* RECORDED INFORMATION
_ _ _
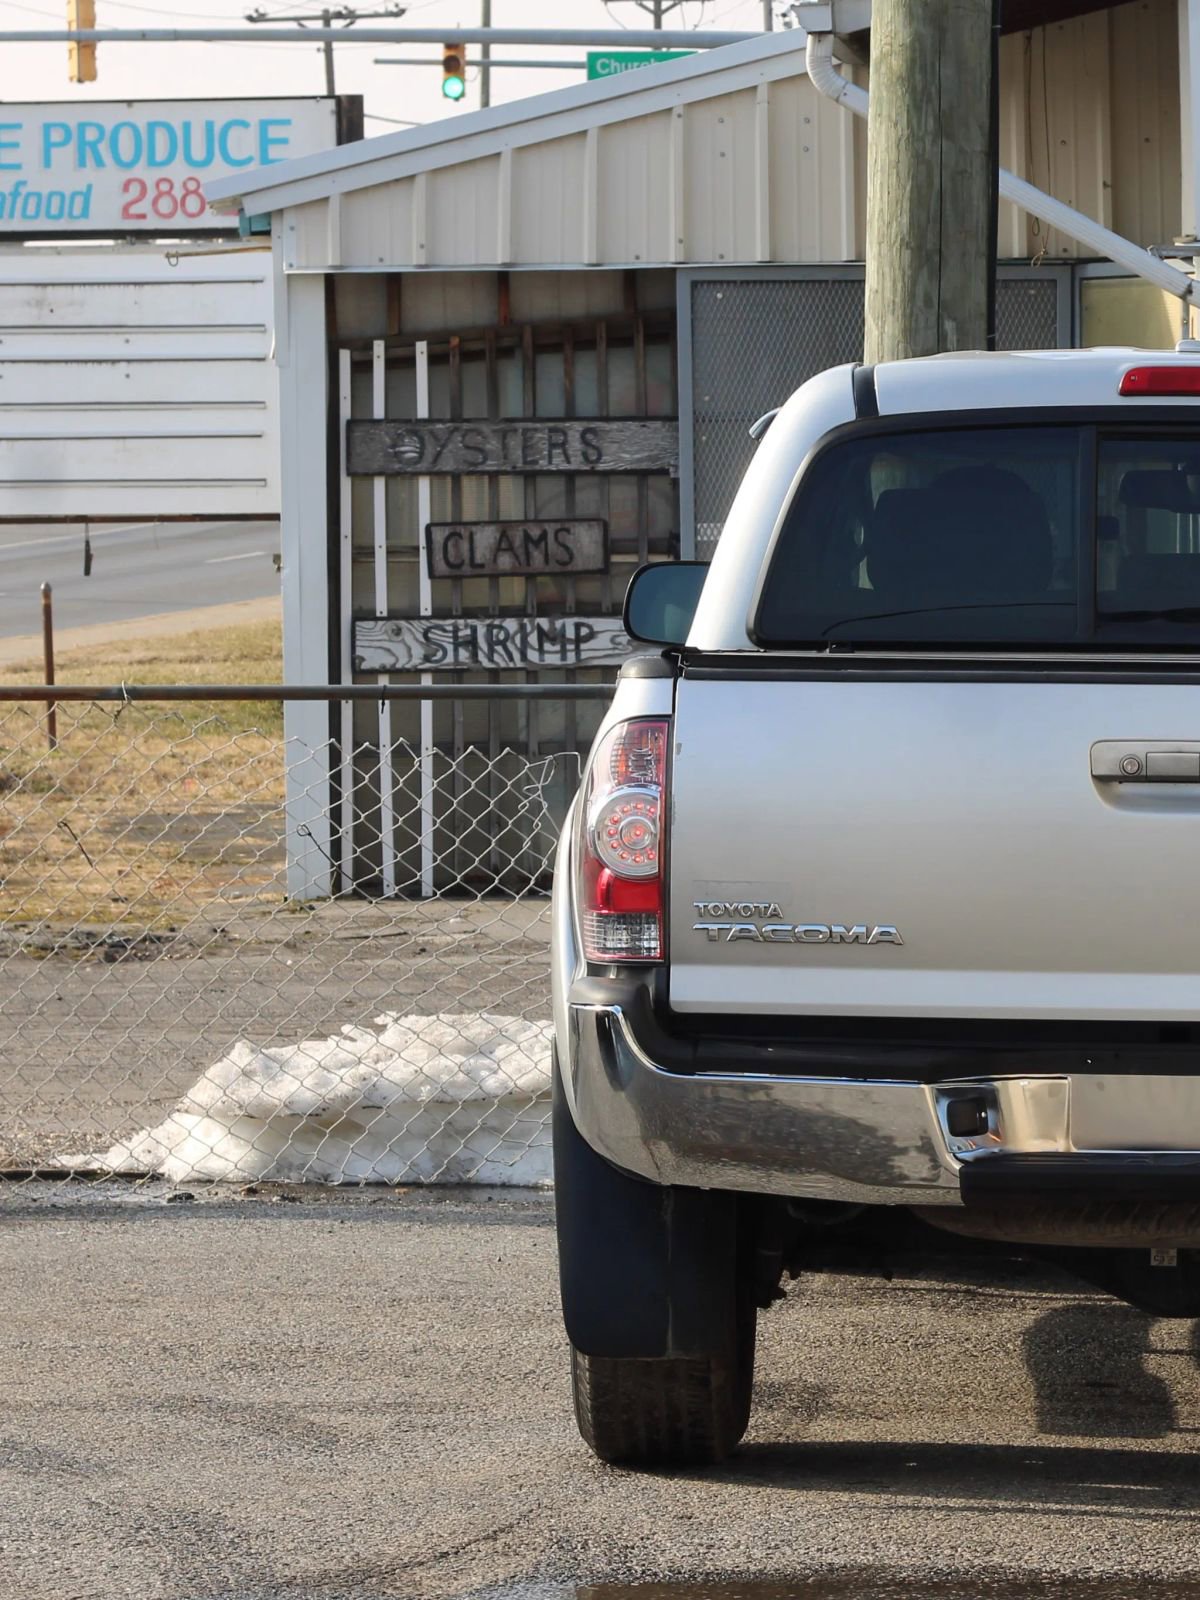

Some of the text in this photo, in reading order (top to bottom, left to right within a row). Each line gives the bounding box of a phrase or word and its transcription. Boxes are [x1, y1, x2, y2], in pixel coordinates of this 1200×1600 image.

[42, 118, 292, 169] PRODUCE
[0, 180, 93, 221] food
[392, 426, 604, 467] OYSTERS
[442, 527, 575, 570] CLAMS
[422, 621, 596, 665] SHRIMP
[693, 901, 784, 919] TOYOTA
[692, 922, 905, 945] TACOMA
_ _ _
* THE TASK
Take the entries above and set them down exactly, minus the pictures.

* SOLUTION
Some of the text in this photo, in reading order (top to bottom, left to right within a row). Each line gives the bounding box of a phrase or word and its transcription. Boxes are [x1, y1, x2, y2], in pixel coordinates of this 1200×1600 image.

[42, 118, 292, 169] PRODUCE
[0, 180, 93, 221] food
[392, 426, 604, 467] OYSTERS
[442, 527, 575, 570] CLAMS
[422, 621, 596, 665] SHRIMP
[693, 901, 784, 919] TOYOTA
[692, 922, 905, 945] TACOMA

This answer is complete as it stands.